Source data: Begin
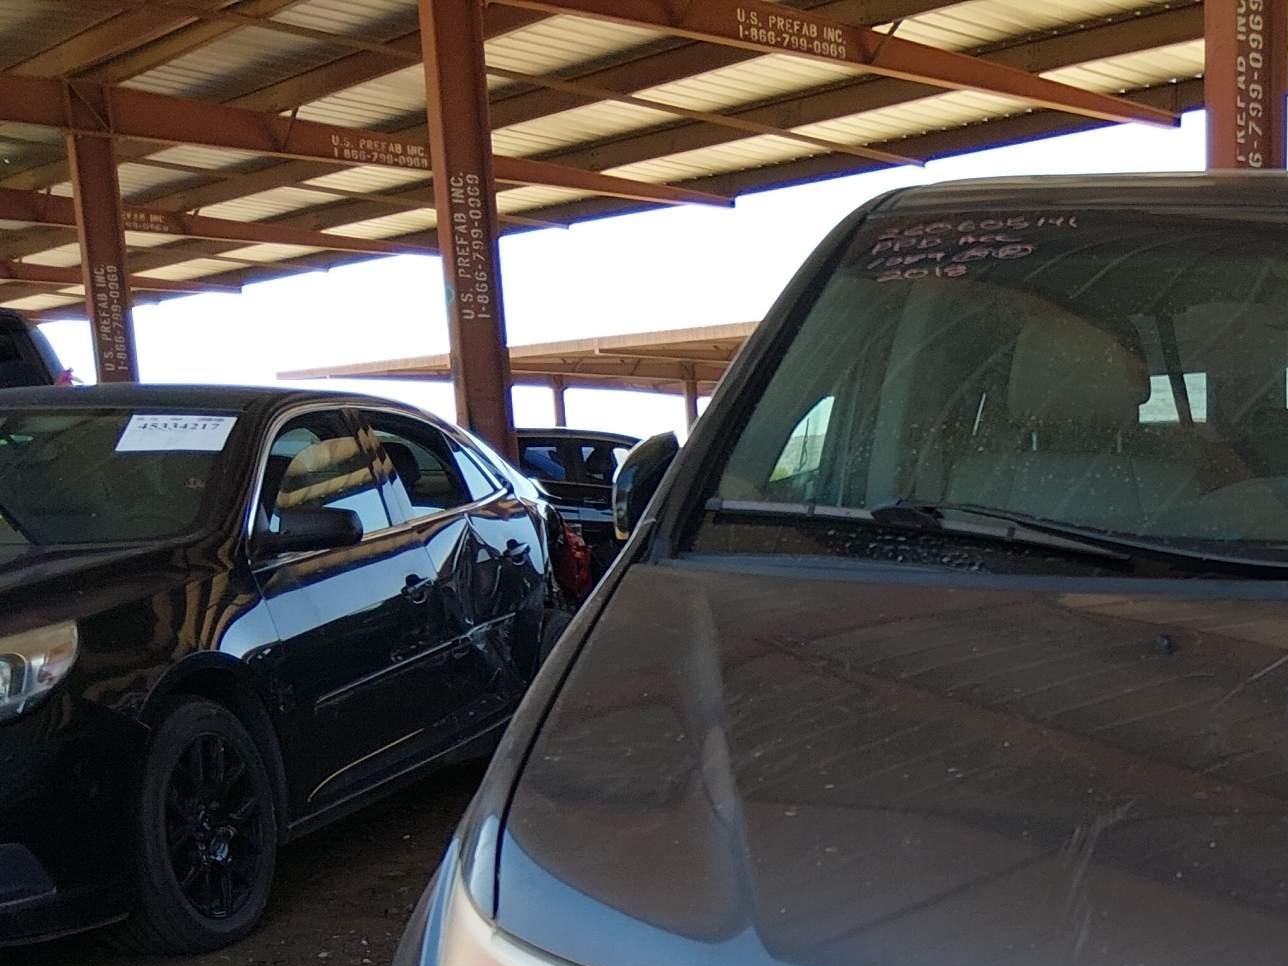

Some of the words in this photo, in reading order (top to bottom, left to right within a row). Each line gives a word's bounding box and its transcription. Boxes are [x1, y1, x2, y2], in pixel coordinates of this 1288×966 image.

[737, 7, 762, 27] U.S.
[768, 15, 818, 38] PREFAB
[823, 26, 847, 45] INC.
[738, 24, 847, 59] 1-866-799-0969
[359, 138, 402, 154] PREFAB
[450, 172, 466, 204] INC.
[453, 212, 472, 279] PREFAB
[466, 173, 491, 319] 1-866-799-0969
[97, 293, 113, 342] PREFAB
[460, 288, 476, 320] U.S.
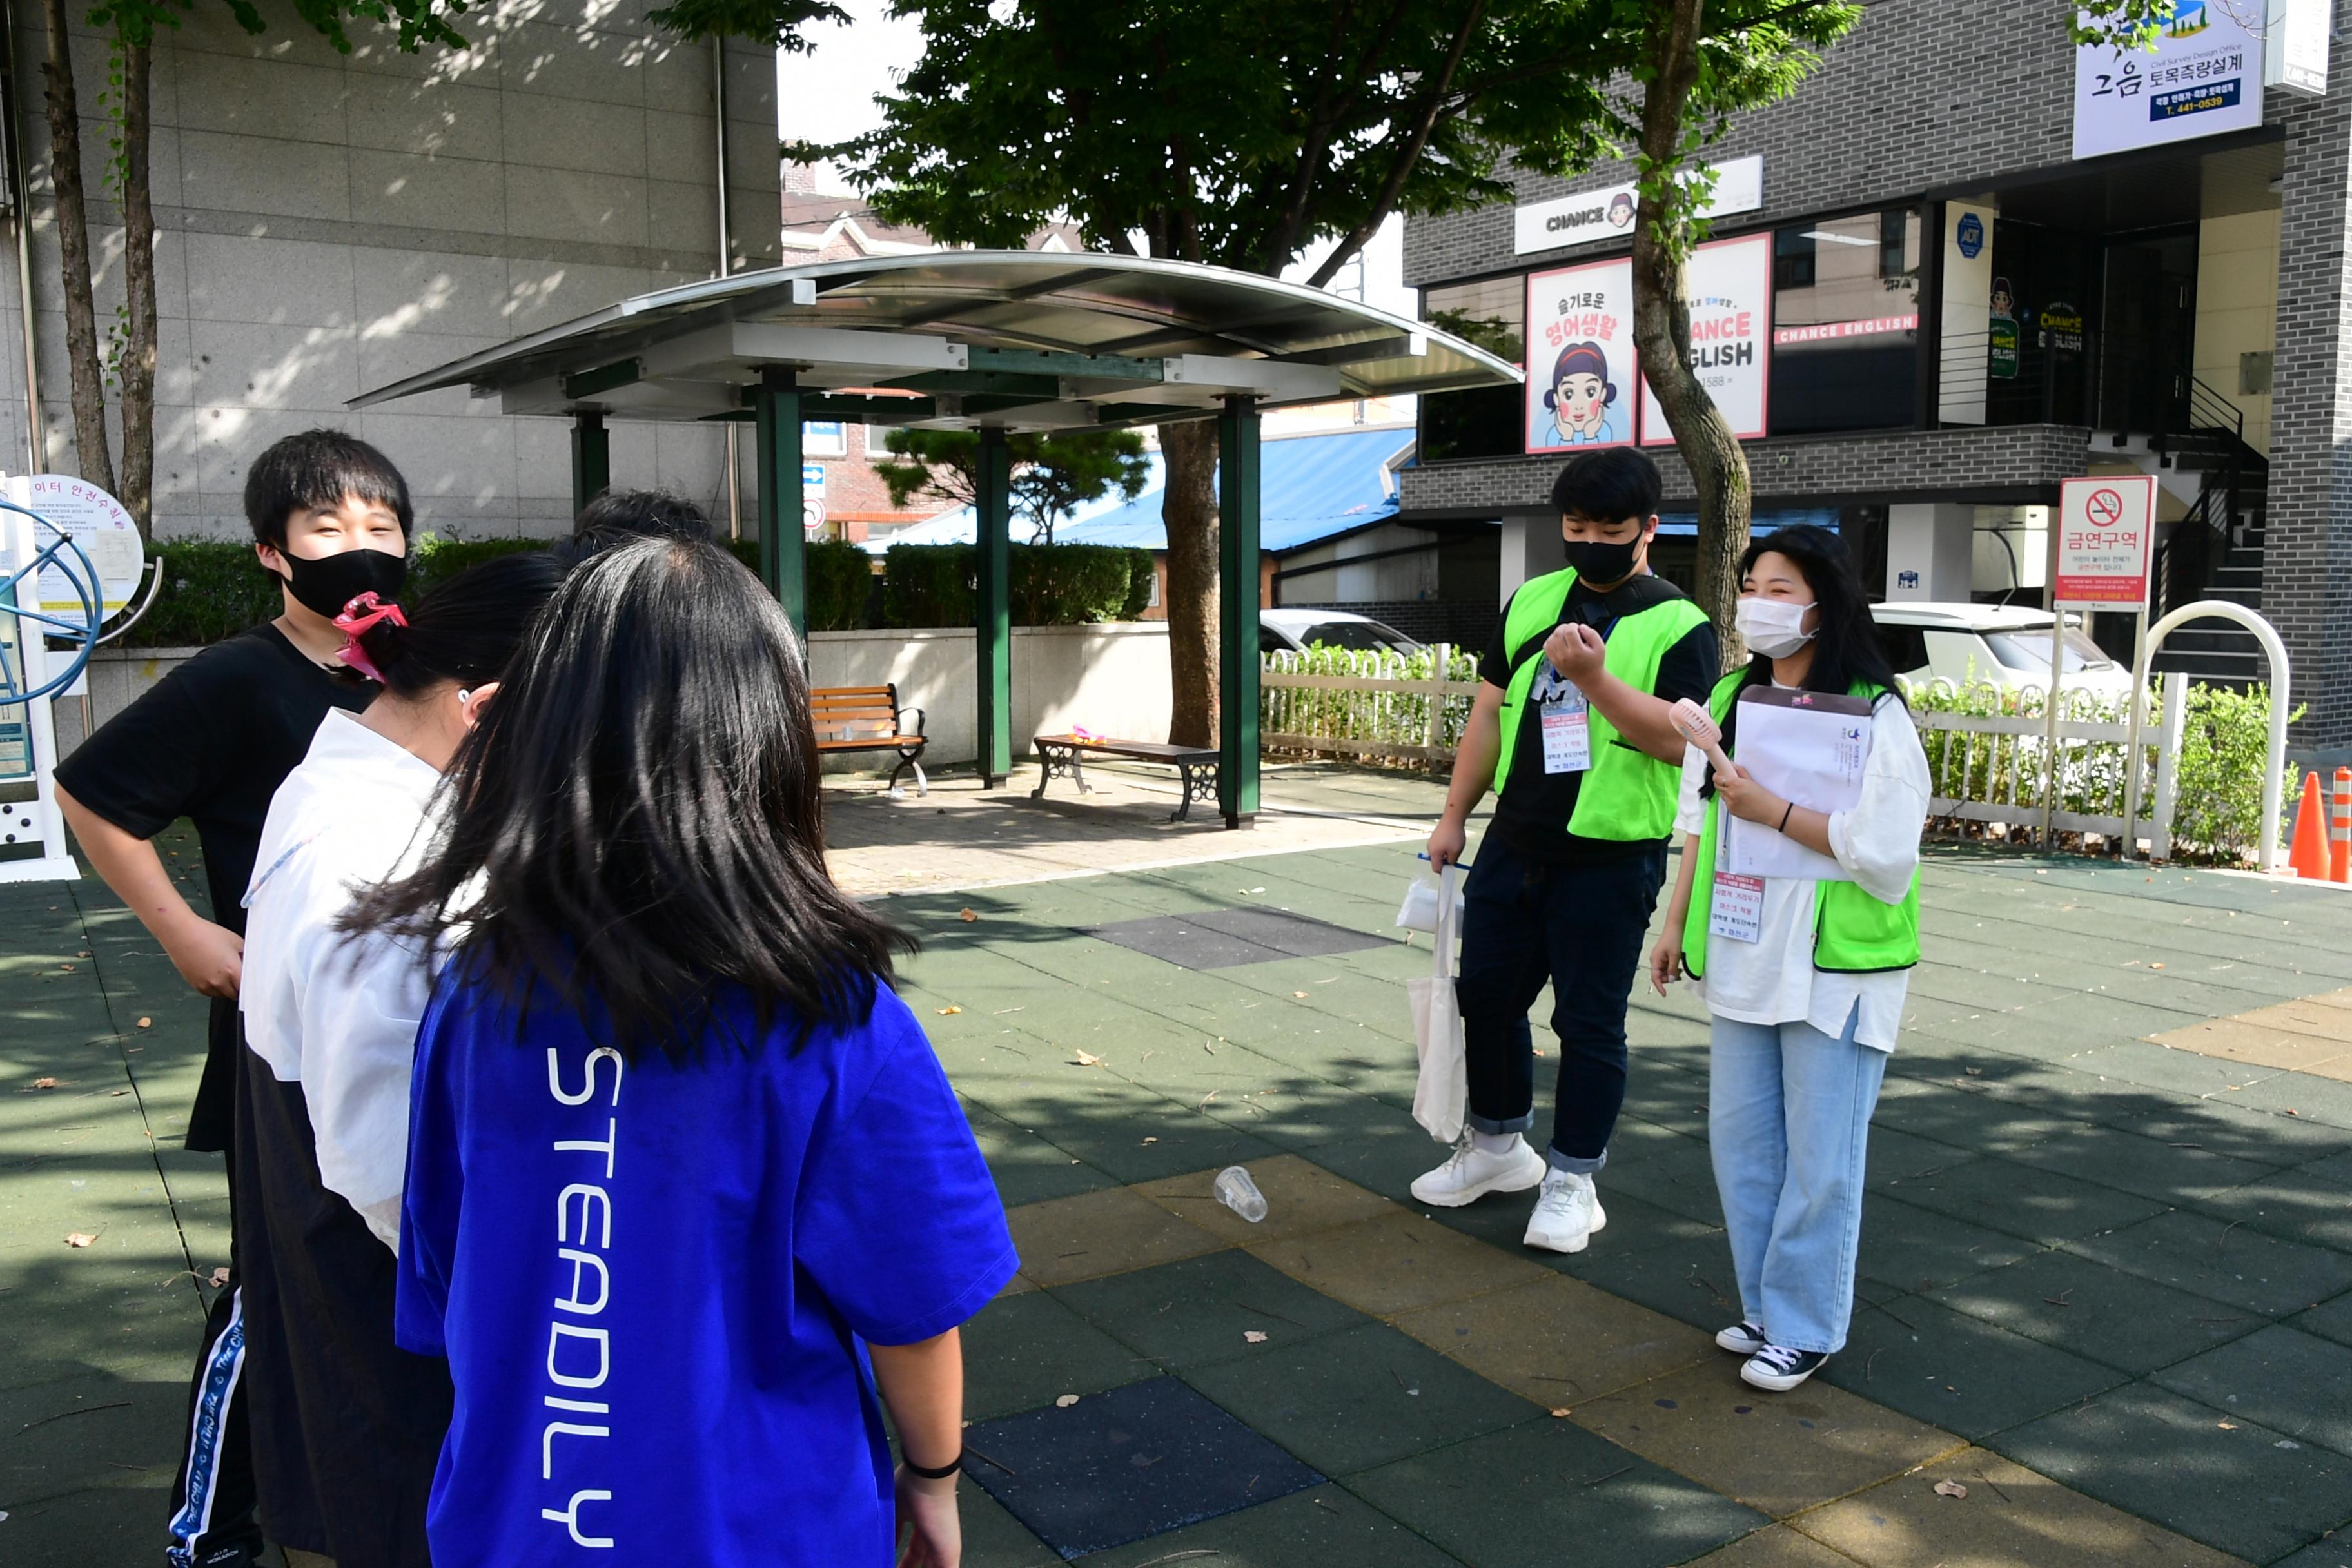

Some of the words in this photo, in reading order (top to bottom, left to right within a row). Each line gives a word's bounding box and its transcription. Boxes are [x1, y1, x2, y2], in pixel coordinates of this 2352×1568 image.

[2167, 55, 2191, 66] Survey
[2193, 49, 2218, 59] Design
[2219, 44, 2242, 54] Office
[2177, 96, 2223, 113] 441-0539
[1546, 206, 1604, 232] CHANCE
[1961, 228, 1979, 243] ADT
[1558, 292, 1605, 315] 슬기로운
[1546, 313, 1618, 347] 영어생활
[1780, 326, 1838, 342] CHANCE
[1845, 317, 1913, 335] ENGLISH
[2067, 531, 2137, 550] 금연구역
[541, 1046, 623, 1549] STEADILY
[206, 1549, 239, 1565] MONARCH
[213, 1548, 228, 1557] AIR
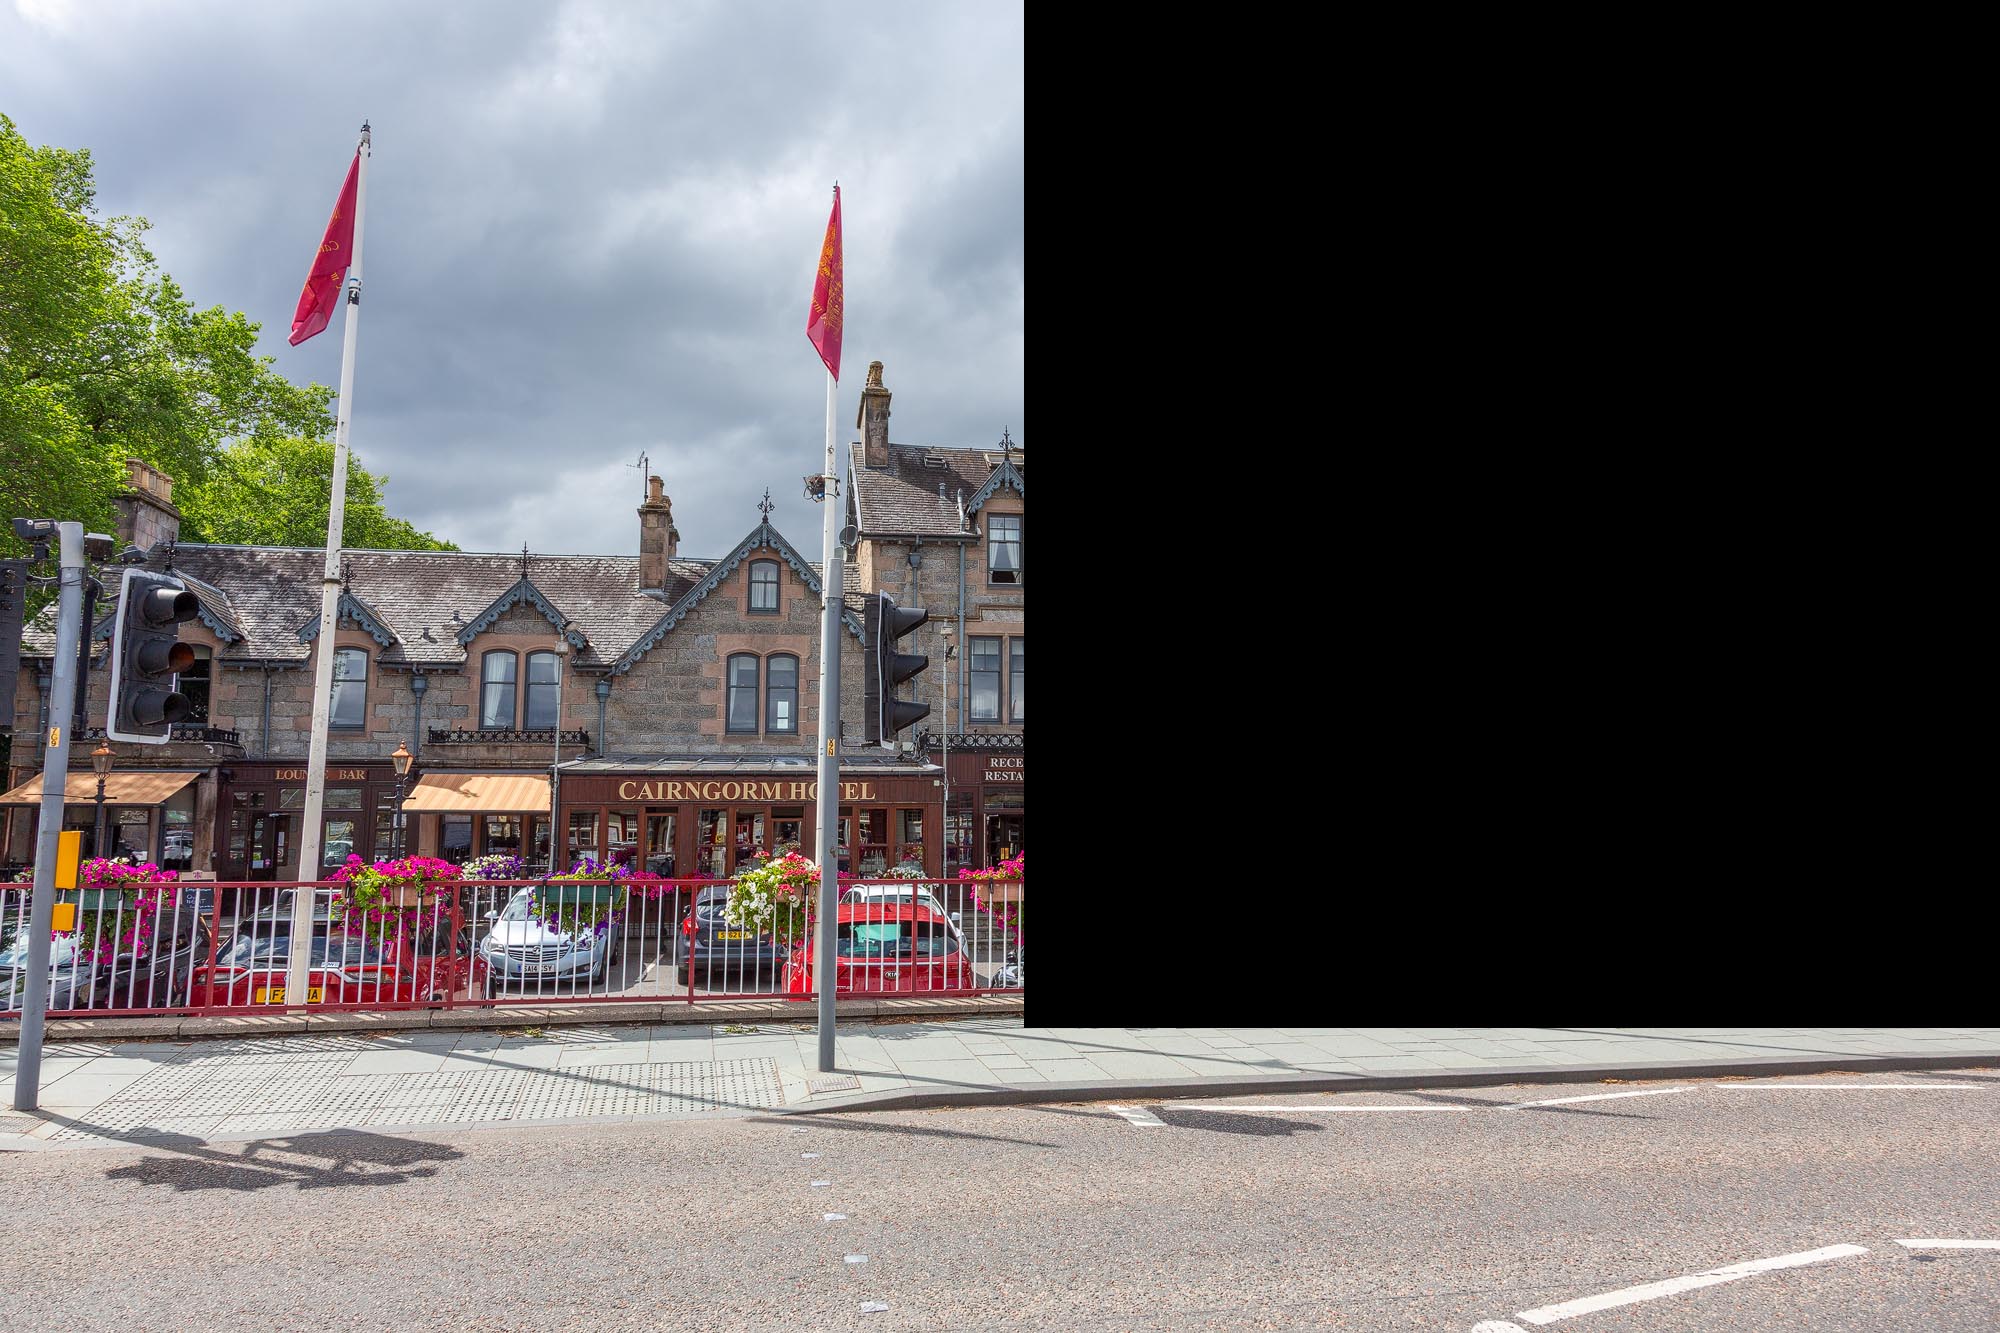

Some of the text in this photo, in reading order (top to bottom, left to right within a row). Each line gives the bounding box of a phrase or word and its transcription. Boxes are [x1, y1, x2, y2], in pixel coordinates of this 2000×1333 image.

[990, 758, 1024, 768] RECE
[340, 769, 366, 780] BAR
[985, 771, 1024, 781] RESTA
[618, 781, 876, 800] CAIRNGORM HOEL
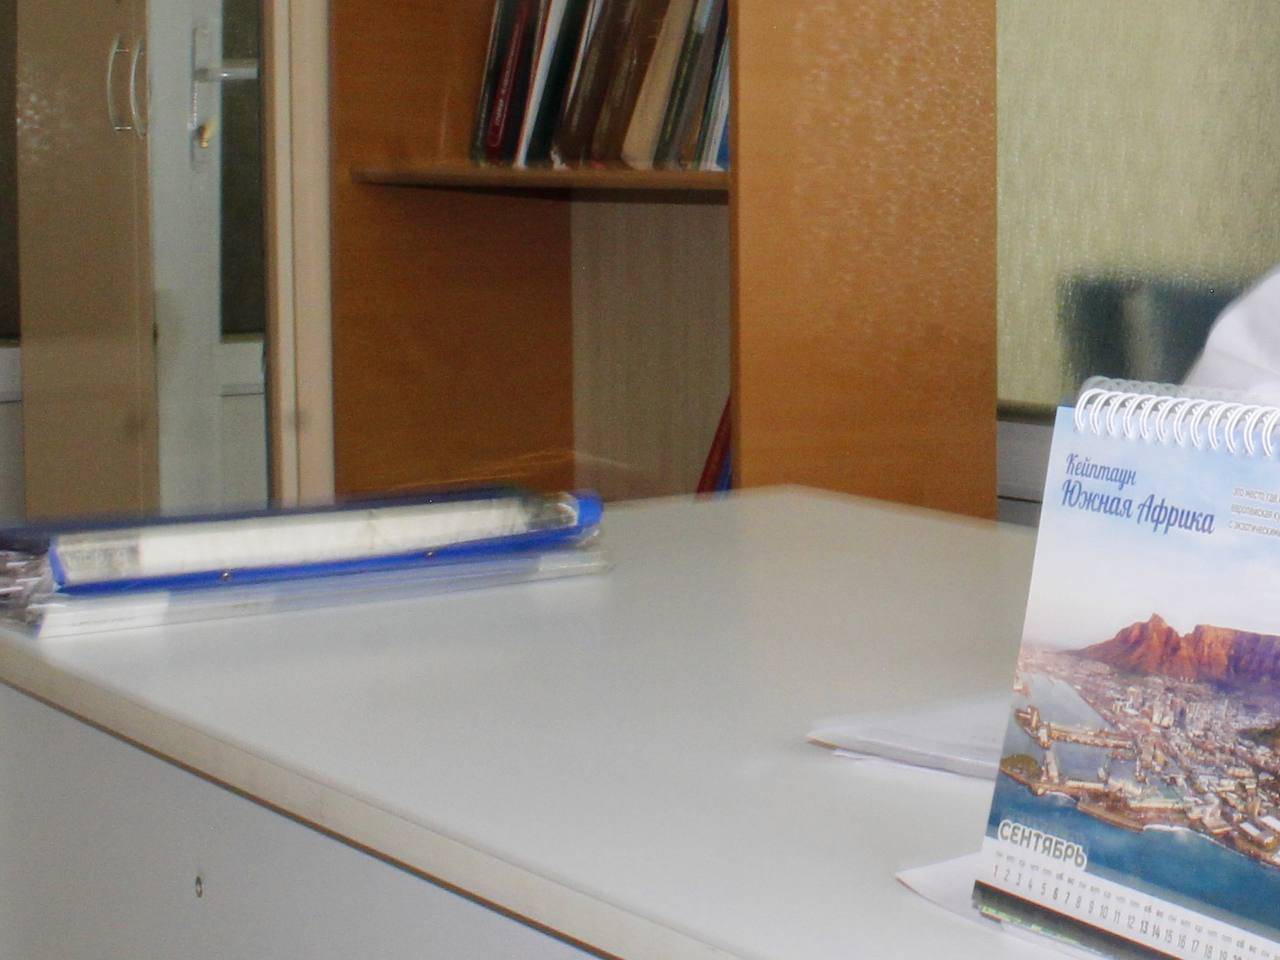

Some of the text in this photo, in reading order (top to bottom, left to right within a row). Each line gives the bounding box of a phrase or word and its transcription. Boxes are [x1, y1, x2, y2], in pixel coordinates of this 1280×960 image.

[1066, 453, 1137, 490] Кейптаун
[1062, 479, 1216, 534] Южная Африка
[1000, 822, 1085, 868] СЕНТЯБРЬ
[994, 864, 999, 878] 1
[1004, 868, 1010, 882] 2
[1016, 873, 1022, 886] 3
[1041, 882, 1046, 896] 5
[1053, 887, 1059, 900] 6
[1065, 892, 1070, 904] 7
[1076, 896, 1082, 909] 8
[1088, 900, 1094, 914] 9
[1100, 904, 1108, 919] 10
[1113, 910, 1120, 924] 11
[1127, 915, 1136, 930] 12
[1140, 920, 1149, 934] 13
[1152, 924, 1160, 938] 14
[1165, 929, 1174, 944] 15
[1178, 934, 1186, 948] 16
[1191, 939, 1200, 953] 17
Source data: End
## Brief
The records above are to be restated exactly, with all pictures omitted.

## Output
Some of the words in this photo, in reading order (top to bottom, left to right within a row). Each line gives a word's bounding box and its transcription. Boxes are [x1, y1, x2, y2], in pixel coordinates of this 1288×966 image.

[737, 7, 762, 27] U.S.
[768, 15, 818, 38] PREFAB
[823, 26, 847, 45] INC.
[738, 24, 847, 59] 1-866-799-0969
[359, 138, 402, 154] PREFAB
[450, 172, 466, 204] INC.
[453, 212, 472, 279] PREFAB
[466, 173, 491, 319] 1-866-799-0969
[97, 293, 113, 342] PREFAB
[460, 288, 476, 320] U.S.

Some of the words in this photo, in reading order (top to bottom, left to right within a row). Each line gives a word's bounding box and its transcription. Boxes are [x1, y1, x2, y2], in pixel coordinates of this 2352×1568 image.

[2167, 55, 2191, 66] Survey
[2193, 49, 2218, 59] Design
[2219, 44, 2242, 54] Office
[2177, 96, 2223, 113] 441-0539
[1546, 206, 1604, 232] CHANCE
[1961, 228, 1979, 243] ADT
[1558, 292, 1605, 315] 슬기로운
[1546, 313, 1618, 347] 영어생활
[1780, 326, 1838, 342] CHANCE
[1845, 317, 1913, 335] ENGLISH
[2067, 531, 2137, 550] 금연구역
[541, 1046, 623, 1549] STEADILY
[206, 1549, 239, 1565] MONARCH
[213, 1548, 228, 1557] AIR

Some of the text in this photo, in reading order (top to bottom, left to right within a row). Each line gives the bounding box of a phrase or word and its transcription. Boxes are [x1, y1, x2, y2], in pixel coordinates of this 2000×1333 image.

[990, 758, 1024, 768] RECE
[340, 769, 366, 780] BAR
[985, 771, 1024, 781] RESTA
[618, 781, 876, 800] CAIRNGORM HOEL

Some of the text in this photo, in reading order (top to bottom, left to right within a row). Each line gives the bounding box of a phrase or word and its transcription. Boxes are [x1, y1, x2, y2], in pixel coordinates of this 1280×960 image.

[1066, 453, 1137, 490] Кейптаун
[1062, 479, 1216, 534] Южная Африка
[1000, 822, 1085, 868] СЕНТЯБРЬ
[994, 864, 999, 878] 1
[1004, 868, 1010, 882] 2
[1016, 873, 1022, 886] 3
[1041, 882, 1046, 896] 5
[1053, 887, 1059, 900] 6
[1065, 892, 1070, 904] 7
[1076, 896, 1082, 909] 8
[1088, 900, 1094, 914] 9
[1100, 904, 1108, 919] 10
[1113, 910, 1120, 924] 11
[1127, 915, 1136, 930] 12
[1140, 920, 1149, 934] 13
[1152, 924, 1160, 938] 14
[1165, 929, 1174, 944] 15
[1178, 934, 1186, 948] 16
[1191, 939, 1200, 953] 17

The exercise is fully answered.